Culture

Les Oscar ont un problème avec les femmes, mais il y a de l’espoir

Temps de lecture : 2 min

La liste des nominations pour les Oscar 2015 le montre une nouvelle fois: l’Académie a un problème avec les femmes.

La réalisatrice de «Selma» Ava DuVernay avec l'équipe du film. Via Allociné
La réalisatrice de «Selma» Ava DuVernay avec l'équipe du film. Via Allociné

Jeudi 15 janvier, alors que l’acteur Chris Pine et la présidente de l’Académie Cheryl Boone Isaacs égrènent les nominations pour l’édition 2015 des Oscar, les personnes présentes dans la salle ont encore une fois assisté à un triste constat: les femmes se font difficilement une place dans la machine Hollywood.

Slate.com évoque notamment la non-nomination d’Ava DuVernay, réalisatrice du film indépendant Selma, qui retrace le combat de Martin Luther King pour garantir le droit de vote à tous les citoyens.

«Elle aurait été la première femme noire à être nommée pour l’Oscar de la meilleure réalisation, et la cinquième femme, après Lina Wertmüller pour Pasqualino, Jane Campion pour La leçon de piano, Sofia Coppola pour Lost in Translation, et Kathryn Bigelow pour Démineurs

Selma a pourtant été sélectionné pour l’Oscar du meilleur film, ce qui souligne un autre paradoxe: si un film réalisé par une femme peut être nommé, cette dernière le sera rarement. Amanda Hess cite notamment le film Slumdog Millionnaire, réalisé par Danny Boyle et Loveleen Tandan. Si elle-même dit que ce film est principalement l’œuvre de son collègue, beaucoup estiment qu’elle aurait dû être nommée aux côtés de Danny Boyle, qui a fini par remporter la statuette.
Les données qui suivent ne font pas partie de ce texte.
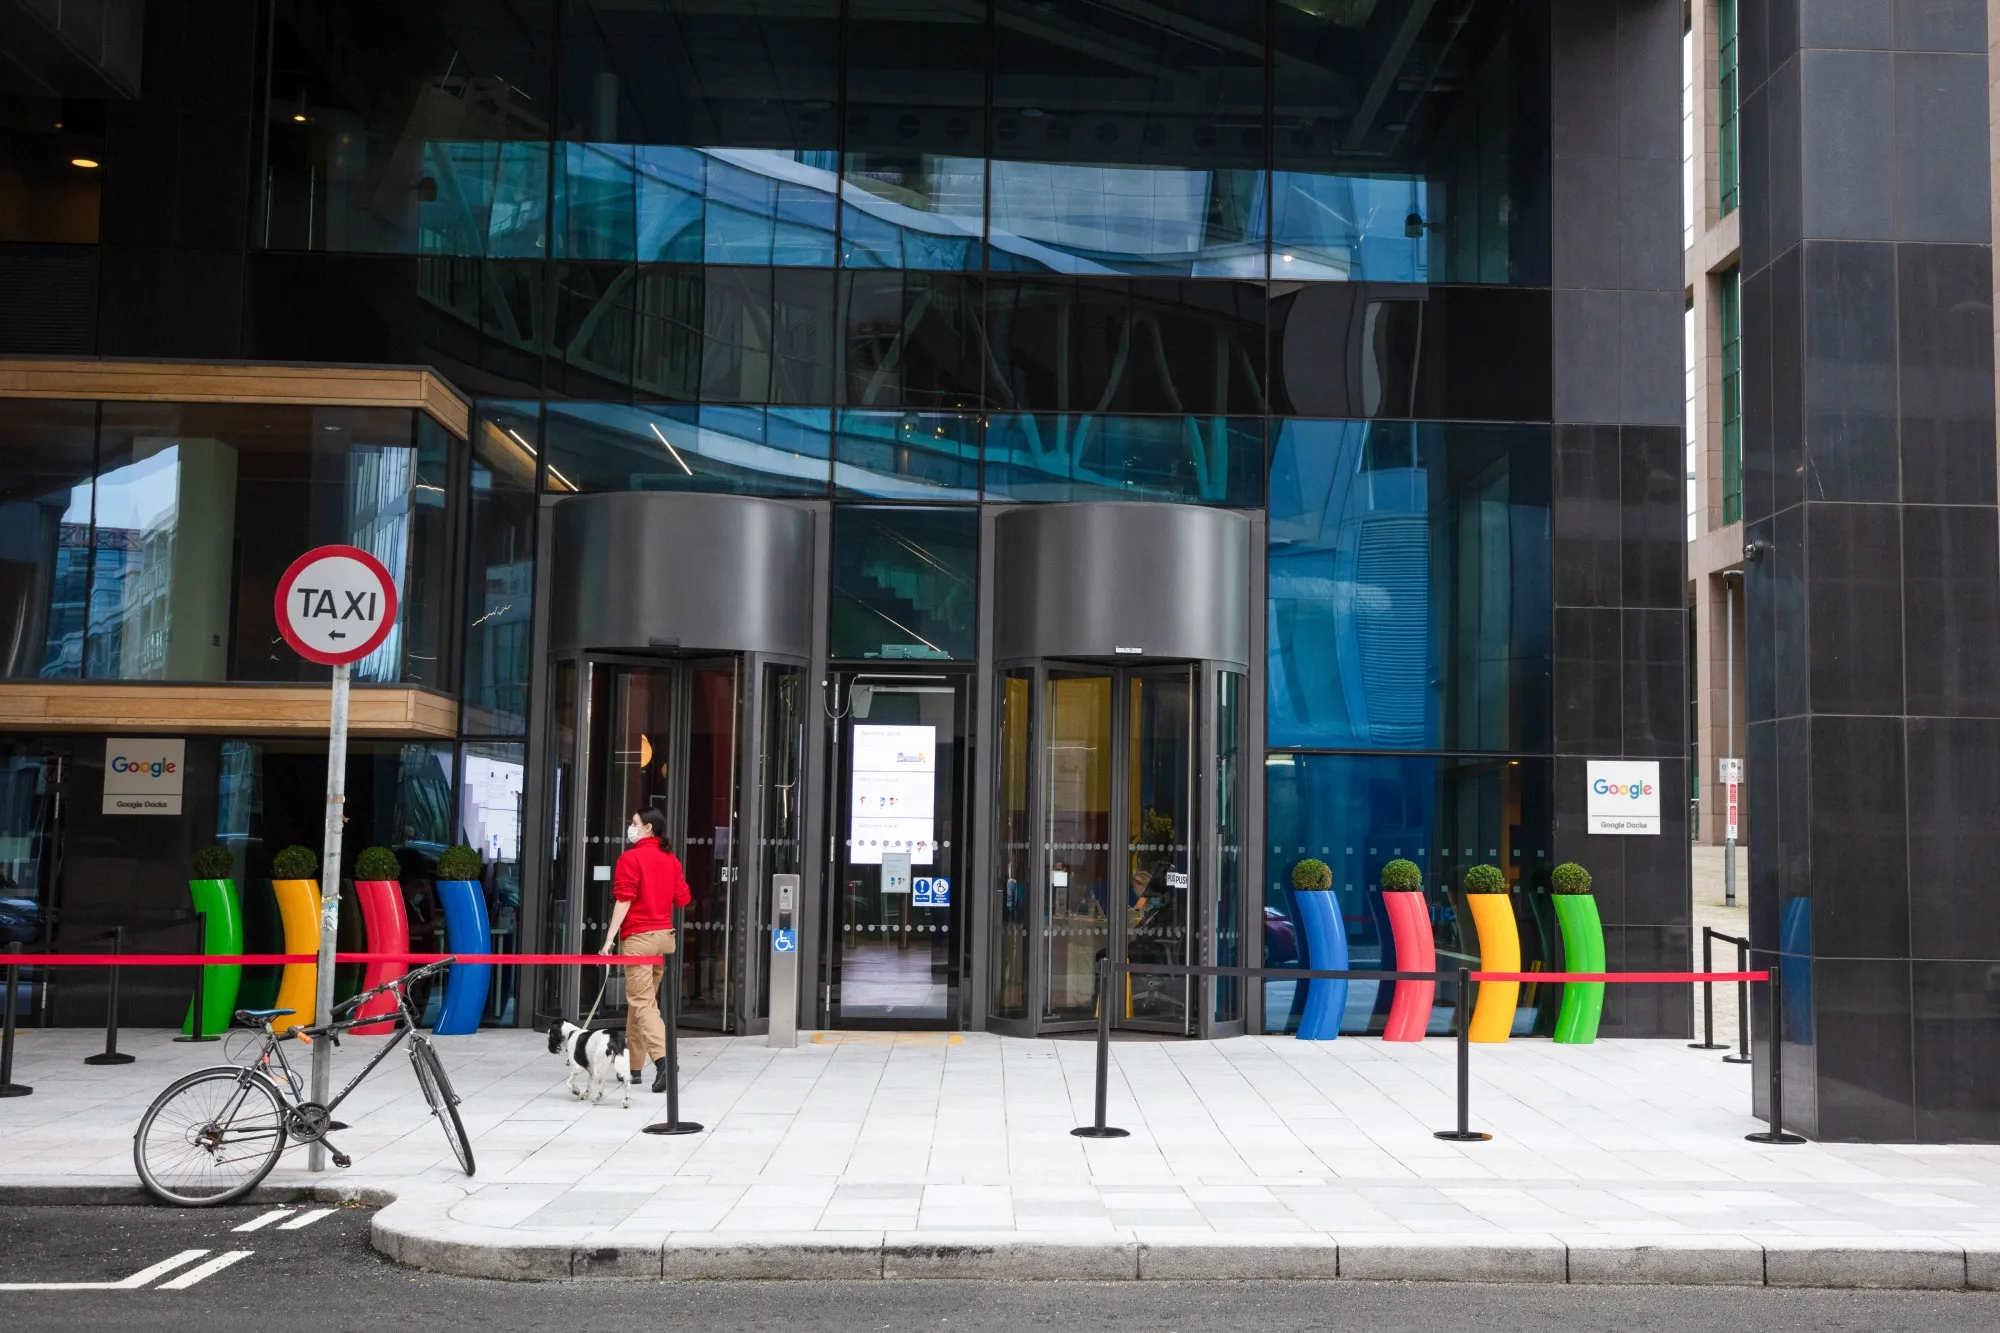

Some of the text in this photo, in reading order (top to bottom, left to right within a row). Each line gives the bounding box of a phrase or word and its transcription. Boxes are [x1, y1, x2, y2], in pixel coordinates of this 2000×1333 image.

La journaliste Melissa Silverstein de Indie Wire refuse pourtant toute résignation.

«Même si ce jour est dévastateur, ce n’est pas le jour des résignations. Au lieu de ça, c’est un jour d’affirmation, celui du besoin de continuer à pousser vers la parité dans le business du divertissement.»

Pour beaucoup, le problème de fond réside effectivement dans la prédominance des hommes-blancs-âgés dans les votants pour les Oscar. En 2012, le LA Times expliquait qu’il y avait 94% de blancs et 77% d’hommes. «Le problème central est que les réalisatrices et leur travail sont vraiment désavantagés à Hollywood, des parrainages aux financements en passant par les récompenses», note Amanda Hess sur Slate.com.

Malgré ce constat, il y a-t-il encore de quoi espérer? La journaliste Aisha Harris de Slate.com pense que oui.

«Les “histoires de femmes” nuancées et bien accueillies gagnent peu à peu la reconnaissance des récompenses, même si ce n’est pas encore le Meilleur film.»

Elle cite alors Reese Witherspoon, nommée pour Wild, Marion Cotillard pour Deux jours, deux nuits, ou encore Rosamund Pike pour Gone Girl. A chaque fois, la femme est placée au centre du film, et pas pour graviter autour des rôles masculins.